The instability of ammonium hydroxide is used as a means for detecting ammonium-ion in its salts. The latter are treated with some strong base, such as sodium or calcium hydroxide, and the ammonia, liberated by the decomposition of its hydroxide, is recognized by its odor or by the more sensitive test of its action on moist litmus. The delicacy of the test is dependent on the conditions expressed in the equilibrium equation (p. [160]).
Sodium and potassium resemble each other so profoundly in the chemical behavior of their compounds, that they are recognized, and separated from each other, by physical methods.
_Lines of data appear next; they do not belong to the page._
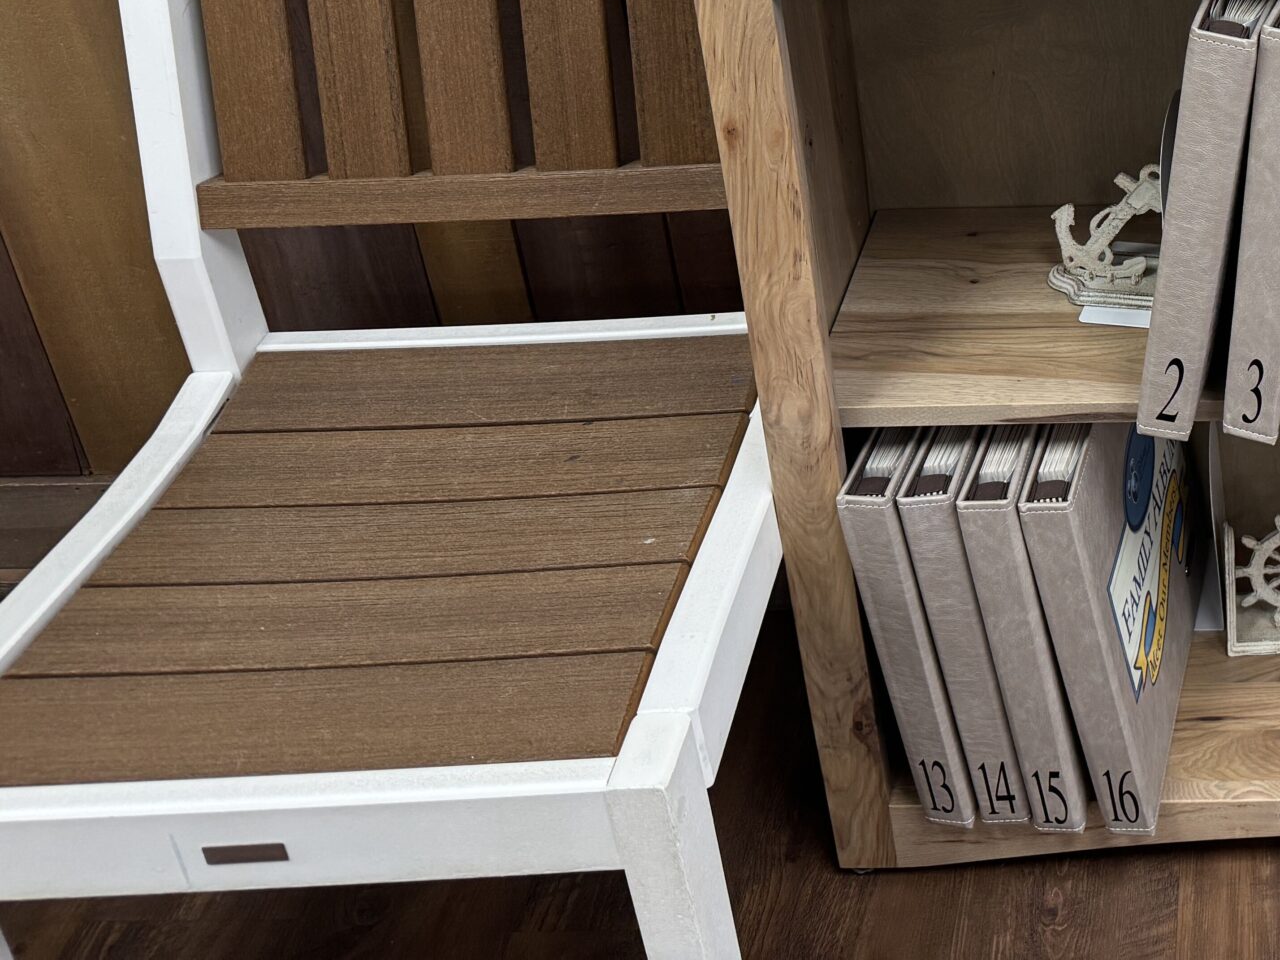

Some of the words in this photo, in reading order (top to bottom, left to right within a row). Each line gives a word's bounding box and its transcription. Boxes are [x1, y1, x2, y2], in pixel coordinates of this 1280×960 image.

[1155, 357, 1185, 423] 2
[1241, 358, 1264, 424] 3
[1122, 512, 1154, 644] FAMILY
[1149, 630, 1163, 678] Meet
[1158, 578, 1168, 622] Our
[918, 759, 955, 814] 13
[977, 761, 1016, 815] 14
[1031, 770, 1069, 825] 15
[1102, 769, 1140, 824] 16
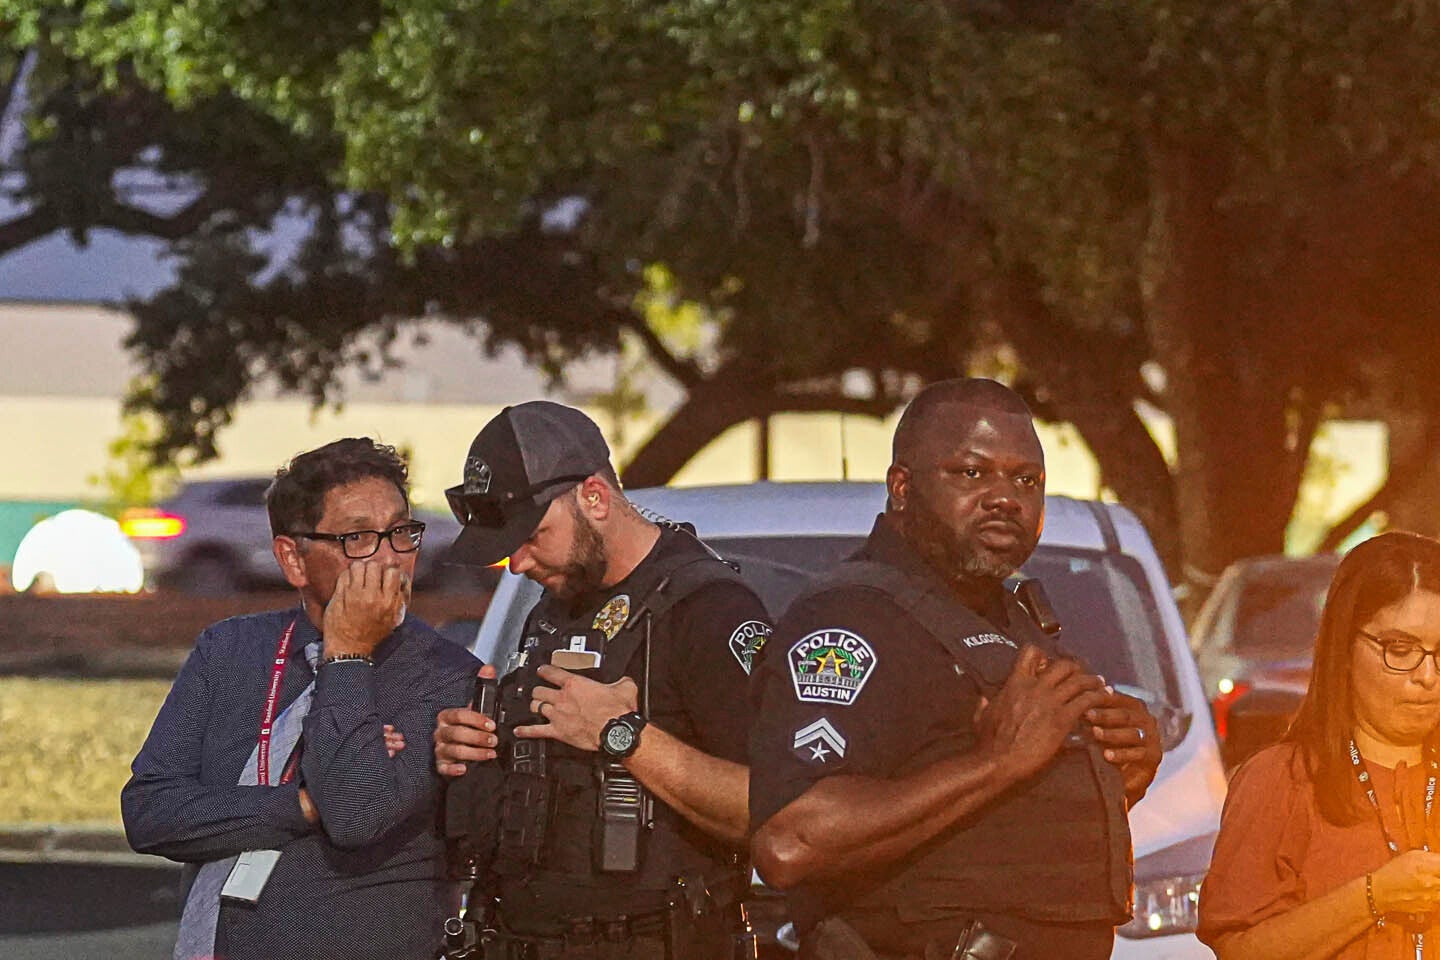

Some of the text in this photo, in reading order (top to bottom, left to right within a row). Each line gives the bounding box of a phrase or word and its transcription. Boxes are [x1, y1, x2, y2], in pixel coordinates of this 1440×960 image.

[796, 632, 870, 663] POLICE
[263, 670, 282, 724] Stanford University
[802, 685, 851, 700] AUSTIN
[1425, 776, 1437, 801] Police
A very simple physical test is based on the color of their heated vapors, the color imparted to the nonluminous bunsen flame by the introduction and volatilization of their salts. The sodium flame is so intense that, if sodium is present in any quantity, the color of its flame easily masks the faint color of potassium vapor. The color of the flame is best examined, in such a case, with the aid of a spectroscope, in which the light emitted by the two elements may be readily recognized side by side, or with the aid of cobalt glass, which absorbs the sodium light. [p162]
The ions of the two metals may be separated and identified by means of difficultly soluble salts. There are so few of these in the case of both ions, that recourse must be taken to the salts of comparatively uncommon acids. Potassium chloroplatinate K2PtCl6, precipitated by the addition of chloroplatinic acid H2PtCl6 to concentrated solutions of potassium salts, gives very satisfactory results, both in qualitative and in quantitative work. The acid tartrate, KHC4H4O6, the picrate, KC6H2N3O7, and the cobaltinitrite, K3Co(NO2)6,[332] are difficultly soluble and are sometimes used to identify potassium-ion. The corresponding ammonium salts are also difficultly soluble and resemble the potassium salts, and ammonium-ion must therefore be removed, as stated above, if present, before any of these precipitates may be used for the identification of potassium-ion. In the case of sodium-ion, recourse is taken to the salt of a still more uncommon acid; pyroantimonate of sodium, Na2H2Sb2O7, 6 aq., is sufficiently difficultly soluble and characteristic to be used as a means of identifying sodium-ion.